Figure 3. Ecological diversity and key members are needed for efficient colonization resistance in vivo.

A) Overview of gnotobiotic mouse experiments. Symbiont communities (or E. coli alone) were given to germ-free mice by oral gavage twice (two days apart). 12 days later, the mice were challenged with K. pneumoniae or S. Typhimurium by oral gavage. Feces were collected from mice daily before being euthanised on day 4 post infection (p.i.). B-C) Alpha diversity measured by Shannon index of symbiont communities. Metagenomic sequencing was performed on the inoculum and fecal samples at day 0 (when the pathogen is introduced) and used to calculate diversity. Data for K. pneumoniae shown in (B) and S. Typhimurium in (C). Biological replicates from a representative mouse from each cage are shown (N=2-4; at least two independent experiments). D-E) Pathogen abundances in the feces of gnotobiotic mice colonized with communities of increasing diversity (mice containing communities with E. coli shown in green; mice containing communities without E. coli shown in black; N=7-8 biological replicates of mice per group in cages of 2-3 mice; 2-3 independent experiments).

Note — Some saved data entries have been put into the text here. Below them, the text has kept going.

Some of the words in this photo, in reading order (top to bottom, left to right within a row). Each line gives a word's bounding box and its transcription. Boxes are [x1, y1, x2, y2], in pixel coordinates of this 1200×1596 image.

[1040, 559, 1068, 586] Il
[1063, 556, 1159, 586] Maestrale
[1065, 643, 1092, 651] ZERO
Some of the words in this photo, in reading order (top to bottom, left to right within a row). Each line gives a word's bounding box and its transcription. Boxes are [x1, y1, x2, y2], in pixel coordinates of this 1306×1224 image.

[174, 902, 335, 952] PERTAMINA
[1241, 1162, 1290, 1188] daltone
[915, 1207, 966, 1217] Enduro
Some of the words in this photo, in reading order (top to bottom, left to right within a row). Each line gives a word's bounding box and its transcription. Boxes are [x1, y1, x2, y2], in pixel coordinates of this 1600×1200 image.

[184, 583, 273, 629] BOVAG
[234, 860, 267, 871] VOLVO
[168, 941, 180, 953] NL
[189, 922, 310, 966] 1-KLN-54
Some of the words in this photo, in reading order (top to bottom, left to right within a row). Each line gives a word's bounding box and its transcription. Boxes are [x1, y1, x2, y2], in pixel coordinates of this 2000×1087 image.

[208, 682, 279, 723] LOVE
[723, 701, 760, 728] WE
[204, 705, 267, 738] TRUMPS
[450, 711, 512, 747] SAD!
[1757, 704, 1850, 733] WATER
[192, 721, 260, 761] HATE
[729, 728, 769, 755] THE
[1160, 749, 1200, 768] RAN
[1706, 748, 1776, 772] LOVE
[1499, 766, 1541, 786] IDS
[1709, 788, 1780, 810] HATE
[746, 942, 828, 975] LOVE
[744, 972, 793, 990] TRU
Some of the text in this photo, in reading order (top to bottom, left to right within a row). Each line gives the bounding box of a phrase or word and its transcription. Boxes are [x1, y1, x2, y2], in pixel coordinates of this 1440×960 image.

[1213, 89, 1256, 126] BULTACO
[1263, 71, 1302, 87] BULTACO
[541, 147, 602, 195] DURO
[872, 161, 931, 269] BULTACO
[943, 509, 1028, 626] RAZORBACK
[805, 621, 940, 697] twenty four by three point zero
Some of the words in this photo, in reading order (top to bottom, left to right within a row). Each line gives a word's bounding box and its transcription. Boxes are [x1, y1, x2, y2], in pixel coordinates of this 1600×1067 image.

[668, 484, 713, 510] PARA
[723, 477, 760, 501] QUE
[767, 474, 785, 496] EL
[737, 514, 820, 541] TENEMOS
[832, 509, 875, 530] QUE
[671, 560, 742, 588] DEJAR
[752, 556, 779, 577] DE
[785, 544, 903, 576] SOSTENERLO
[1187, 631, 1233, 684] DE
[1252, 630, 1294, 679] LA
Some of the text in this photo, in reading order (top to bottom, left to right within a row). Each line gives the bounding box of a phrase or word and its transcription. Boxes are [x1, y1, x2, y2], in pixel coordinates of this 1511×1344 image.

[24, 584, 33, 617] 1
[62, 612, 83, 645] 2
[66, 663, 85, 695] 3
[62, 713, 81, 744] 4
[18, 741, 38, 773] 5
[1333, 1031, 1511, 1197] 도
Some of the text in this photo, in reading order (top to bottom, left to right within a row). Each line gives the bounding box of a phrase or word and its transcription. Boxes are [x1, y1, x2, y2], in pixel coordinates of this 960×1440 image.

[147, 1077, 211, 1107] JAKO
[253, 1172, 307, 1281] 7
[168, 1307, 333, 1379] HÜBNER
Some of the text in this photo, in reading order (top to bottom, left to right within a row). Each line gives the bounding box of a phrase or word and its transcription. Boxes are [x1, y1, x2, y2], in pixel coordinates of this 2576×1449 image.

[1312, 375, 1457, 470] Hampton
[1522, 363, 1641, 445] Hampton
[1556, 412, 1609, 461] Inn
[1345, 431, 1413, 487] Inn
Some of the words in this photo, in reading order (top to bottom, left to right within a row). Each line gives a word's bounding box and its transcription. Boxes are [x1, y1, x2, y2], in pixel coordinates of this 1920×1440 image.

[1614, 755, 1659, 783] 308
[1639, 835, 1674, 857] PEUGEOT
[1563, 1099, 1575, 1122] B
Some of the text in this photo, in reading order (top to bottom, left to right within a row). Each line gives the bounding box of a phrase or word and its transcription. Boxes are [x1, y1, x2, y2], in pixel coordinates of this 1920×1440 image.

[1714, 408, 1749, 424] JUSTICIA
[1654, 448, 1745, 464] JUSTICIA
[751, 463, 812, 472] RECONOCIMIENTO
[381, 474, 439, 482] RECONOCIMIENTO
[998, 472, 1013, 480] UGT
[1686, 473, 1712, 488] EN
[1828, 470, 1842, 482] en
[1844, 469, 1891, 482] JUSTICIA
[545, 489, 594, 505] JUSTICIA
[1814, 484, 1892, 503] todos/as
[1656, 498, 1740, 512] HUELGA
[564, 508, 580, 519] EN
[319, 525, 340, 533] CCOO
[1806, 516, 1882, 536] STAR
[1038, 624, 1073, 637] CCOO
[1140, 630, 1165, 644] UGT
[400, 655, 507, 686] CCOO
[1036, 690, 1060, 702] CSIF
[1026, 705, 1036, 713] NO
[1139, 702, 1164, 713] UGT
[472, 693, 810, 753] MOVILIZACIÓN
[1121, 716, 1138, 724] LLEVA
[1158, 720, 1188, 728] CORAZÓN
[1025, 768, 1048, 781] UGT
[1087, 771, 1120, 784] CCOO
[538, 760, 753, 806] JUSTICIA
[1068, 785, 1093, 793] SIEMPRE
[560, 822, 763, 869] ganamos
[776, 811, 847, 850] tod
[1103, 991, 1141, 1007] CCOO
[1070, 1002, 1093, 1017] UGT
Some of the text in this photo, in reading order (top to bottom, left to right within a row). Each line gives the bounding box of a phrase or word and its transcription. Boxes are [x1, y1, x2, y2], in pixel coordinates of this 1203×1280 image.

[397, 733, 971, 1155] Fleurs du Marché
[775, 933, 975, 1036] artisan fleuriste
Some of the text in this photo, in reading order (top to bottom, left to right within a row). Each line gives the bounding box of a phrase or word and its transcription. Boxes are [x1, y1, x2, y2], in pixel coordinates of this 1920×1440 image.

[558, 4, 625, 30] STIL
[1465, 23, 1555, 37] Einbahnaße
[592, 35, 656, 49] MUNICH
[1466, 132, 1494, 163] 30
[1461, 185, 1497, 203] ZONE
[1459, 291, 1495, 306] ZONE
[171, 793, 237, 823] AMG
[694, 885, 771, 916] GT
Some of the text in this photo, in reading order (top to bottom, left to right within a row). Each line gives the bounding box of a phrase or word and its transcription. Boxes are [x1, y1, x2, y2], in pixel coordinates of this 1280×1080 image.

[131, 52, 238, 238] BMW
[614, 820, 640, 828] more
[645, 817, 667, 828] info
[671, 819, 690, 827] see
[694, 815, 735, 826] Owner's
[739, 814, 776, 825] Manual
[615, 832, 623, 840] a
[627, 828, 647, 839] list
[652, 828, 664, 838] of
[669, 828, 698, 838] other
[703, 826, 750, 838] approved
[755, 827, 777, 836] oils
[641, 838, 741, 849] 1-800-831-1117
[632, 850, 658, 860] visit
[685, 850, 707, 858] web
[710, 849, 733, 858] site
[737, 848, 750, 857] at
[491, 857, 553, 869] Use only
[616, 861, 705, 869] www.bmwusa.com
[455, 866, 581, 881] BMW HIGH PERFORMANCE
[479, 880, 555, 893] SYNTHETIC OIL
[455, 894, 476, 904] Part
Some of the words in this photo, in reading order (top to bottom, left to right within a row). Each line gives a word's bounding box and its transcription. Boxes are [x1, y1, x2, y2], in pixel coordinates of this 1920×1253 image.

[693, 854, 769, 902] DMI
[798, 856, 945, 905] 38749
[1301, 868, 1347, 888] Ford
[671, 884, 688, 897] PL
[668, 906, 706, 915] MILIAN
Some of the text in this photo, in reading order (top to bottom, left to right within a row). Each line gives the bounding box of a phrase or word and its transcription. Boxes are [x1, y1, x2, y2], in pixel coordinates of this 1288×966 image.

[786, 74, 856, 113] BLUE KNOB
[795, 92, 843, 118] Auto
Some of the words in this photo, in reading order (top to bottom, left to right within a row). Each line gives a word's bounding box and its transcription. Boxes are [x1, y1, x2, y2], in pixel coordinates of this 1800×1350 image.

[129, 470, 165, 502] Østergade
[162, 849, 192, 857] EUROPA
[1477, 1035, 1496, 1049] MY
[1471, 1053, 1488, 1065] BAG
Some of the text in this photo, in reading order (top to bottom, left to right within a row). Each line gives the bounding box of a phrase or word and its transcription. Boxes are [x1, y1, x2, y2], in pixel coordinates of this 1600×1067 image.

Red lines indicate the medians. Two-tailed Mann-Whitney tests are used to compare the indicated groups (p<0.01=**; p<0.001=***). Data for K. pneumoniae shown in (D) and S. Typhimurium shown in (E). Metagenomic analysis of strain diversity and relative abundance is shown in Fig. S5. Pathogen abundance data from days 1-4 p.i. is shown in Fig. S6. Community compositions are shown in Table S6.